MATERIAL PROVIDED
- - - - -

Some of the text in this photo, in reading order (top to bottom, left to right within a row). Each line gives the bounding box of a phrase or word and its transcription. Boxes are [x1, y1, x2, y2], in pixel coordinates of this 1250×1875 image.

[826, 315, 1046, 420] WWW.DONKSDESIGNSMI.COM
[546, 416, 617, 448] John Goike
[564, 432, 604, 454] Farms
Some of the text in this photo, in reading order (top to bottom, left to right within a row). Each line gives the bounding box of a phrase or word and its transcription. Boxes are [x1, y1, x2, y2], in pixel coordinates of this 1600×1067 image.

- - - - -

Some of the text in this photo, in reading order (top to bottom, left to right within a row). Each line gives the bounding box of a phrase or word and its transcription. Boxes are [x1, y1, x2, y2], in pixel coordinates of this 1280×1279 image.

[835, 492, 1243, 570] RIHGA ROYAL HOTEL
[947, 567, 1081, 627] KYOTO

- - - - -

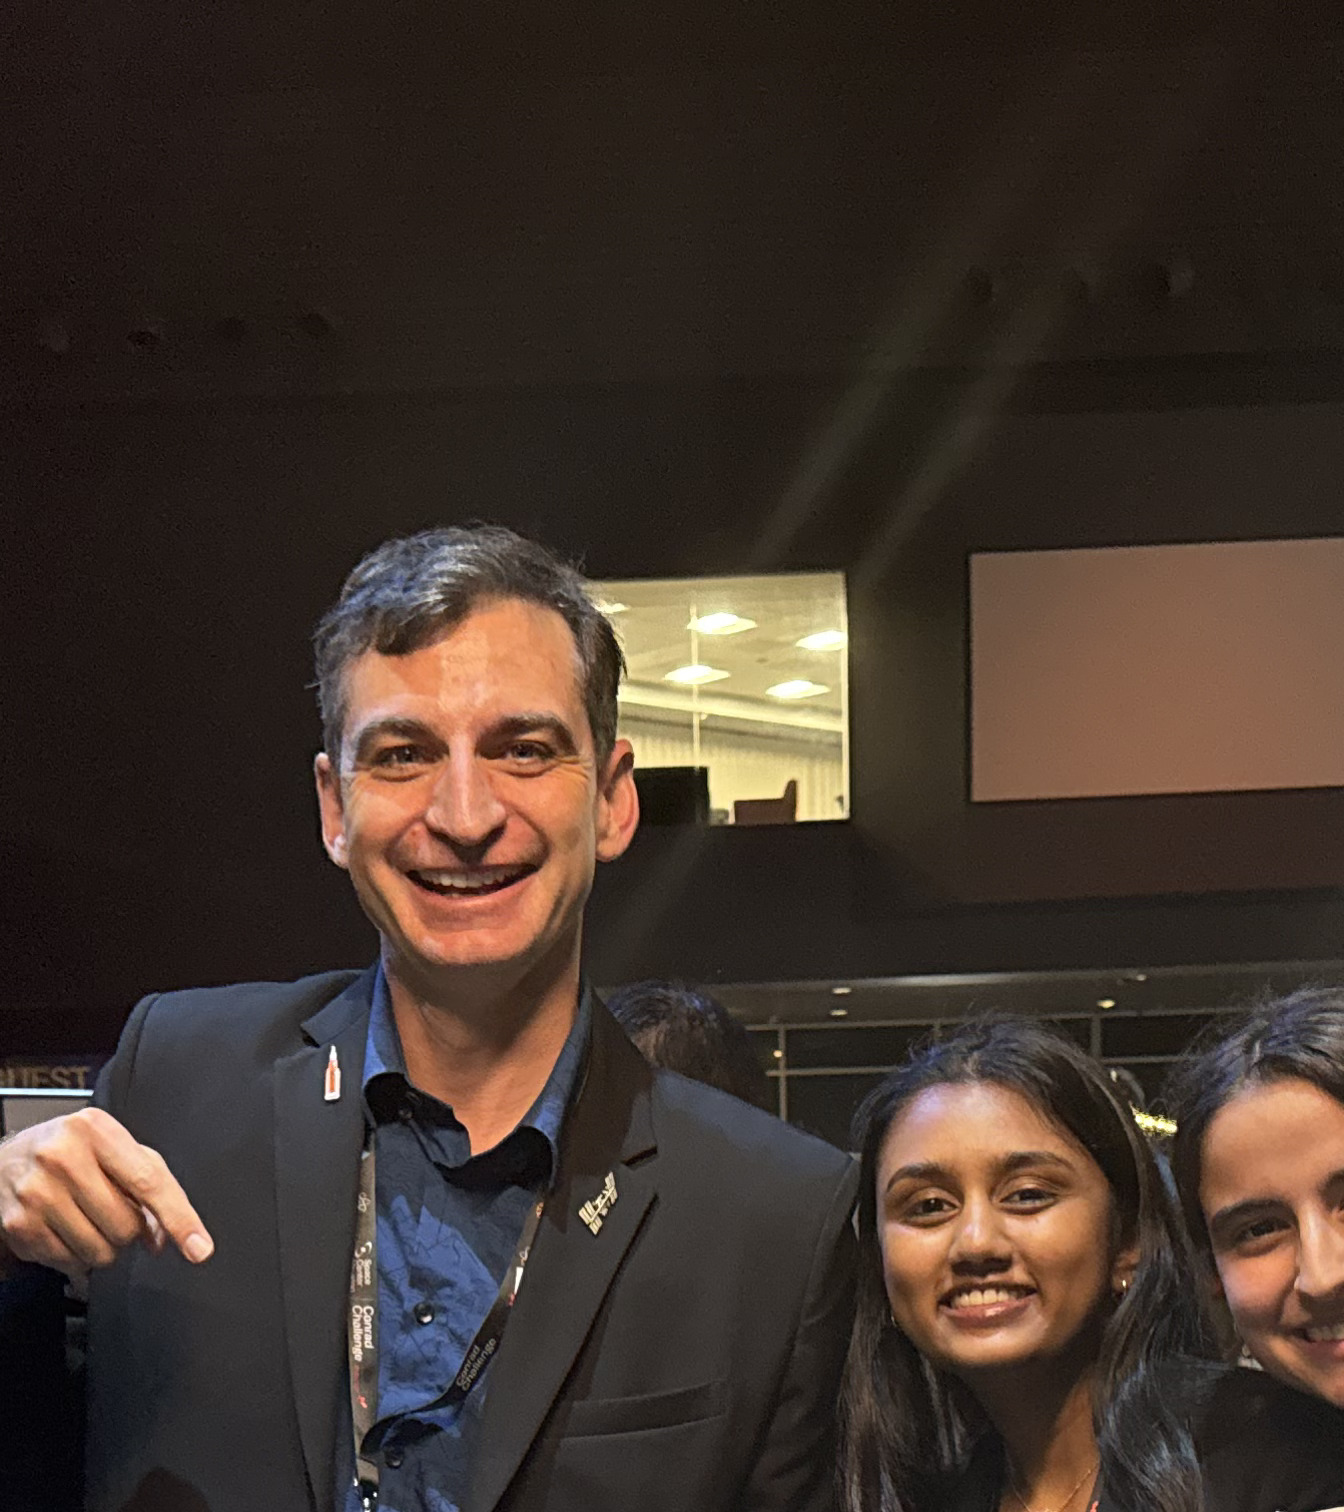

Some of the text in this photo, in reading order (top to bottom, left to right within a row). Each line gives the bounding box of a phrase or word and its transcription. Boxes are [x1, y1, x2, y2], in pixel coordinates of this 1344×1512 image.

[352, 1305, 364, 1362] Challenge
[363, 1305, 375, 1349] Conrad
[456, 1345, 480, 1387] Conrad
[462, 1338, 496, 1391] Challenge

- - - - -

When the line with "this 1250×1875 image." is reached in the data above, begin copying, and stop after the line with "this 1600×1067 image."; copy each line exactly, both ends included.

EXERCISE RESULT
Some of the text in this photo, in reading order (top to bottom, left to right within a row). Each line gives the bounding box of a phrase or word and its transcription. Boxes are [x1, y1, x2, y2], in pixel coordinates of this 1250×1875 image.

[826, 315, 1046, 420] WWW.DONKSDESIGNSMI.COM
[546, 416, 617, 448] John Goike
[564, 432, 604, 454] Farms
Some of the text in this photo, in reading order (top to bottom, left to right within a row). Each line gives the bounding box of a phrase or word and its transcription. Boxes are [x1, y1, x2, y2], in pixel coordinates of this 1600×1067 image.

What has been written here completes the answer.